At St Mary’s, your child’s wellbeing is our priority. First aid is led by a team of seven Level 3 qualified paediatric first aiders. Additionally, specific members of our first aid team are also specially trained and hold additional responsibilities for administering medication and the use of Epi-Pen’s.



Children are happiest at school when they are well. Whilst some minor ailments can be supported at school, some common illnesses are best treated and monitored at home in order to prevent spreading and ensure the comfort of your child. We take infectious illnesses very seriously at St Mary's and will always act with caution should a child be contagious.

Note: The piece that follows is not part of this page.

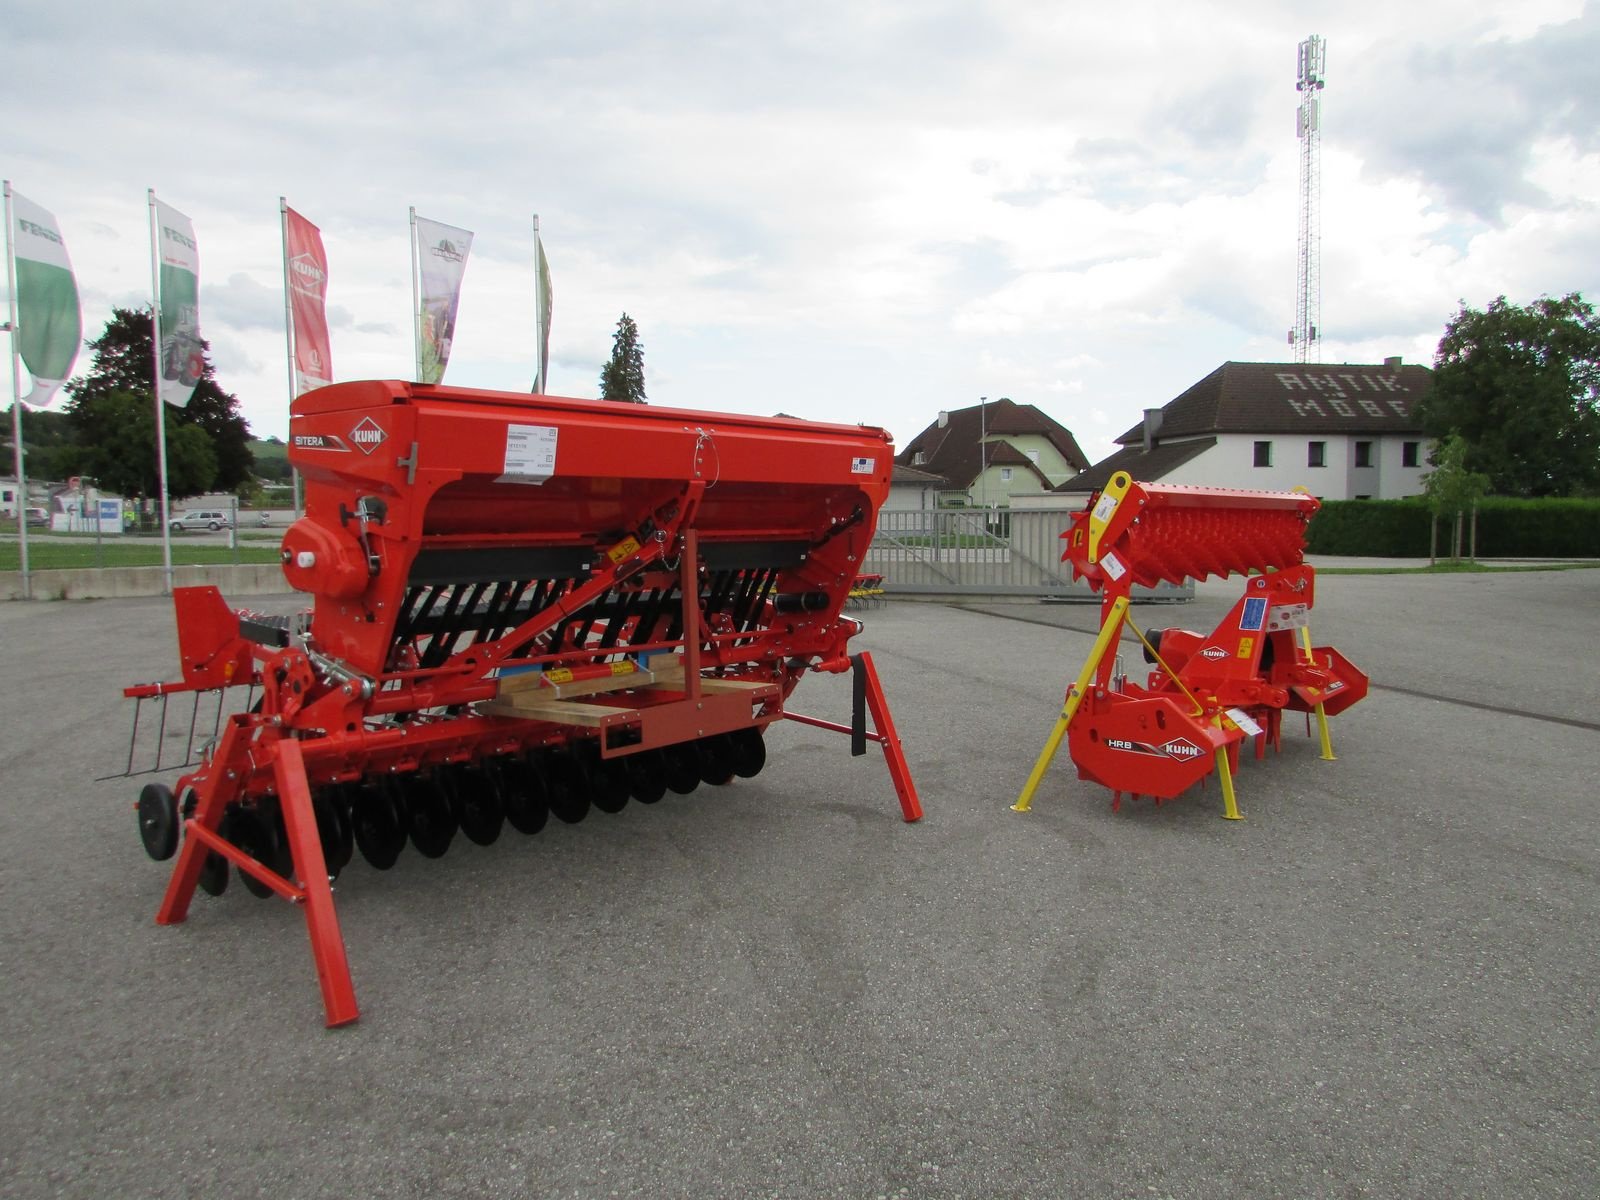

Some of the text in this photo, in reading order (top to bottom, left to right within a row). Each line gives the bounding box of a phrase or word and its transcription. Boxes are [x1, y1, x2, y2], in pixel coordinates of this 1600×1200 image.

Please see below for more information on common childhood illnesses, their symptoms, isolation periods and where to obtain more guidance. It is vital that you communicate with us if your child is unwell, especially if you believe they may have any of the below illnesses. 







More Information


Symptoms appear 1 to 3 weeks after being infected.

Chickenpox is a mild infectious disease that most children catch at some time. It starts with feeling unwell, a rash and, usually, a fever.


Spots develop, which are red and become fluid-filled blisters within a day or two. They eventually dry into scabs, which drop off.


The spots first appear on the chest, back, head or neck, then spread. They don't leave scars unless they're badly infected or picked.

Infectious period: 1 to 2 days before the rash appears, but it continues to be infectious until all the blisters have crusted over.


Your child will need to stay away from school or nursery until all the spots have crusted over.


This is usually 5 days after the spots appeared.




Symptoms appear 2 to 6 days after being infected.


  • a barking cough that sounds like a seal (you can search online to hear examples)
  • a hoarse voice
  • difficulty breathing
  • a rasping sound when breathing in


Your child will usually have cold-like symptoms to begin with, such as a temperature, runny nose and cough.

Croup symptoms usually come on after a few days and are often worse at night.

Infectious period: 2 to 3 days after symptoms start.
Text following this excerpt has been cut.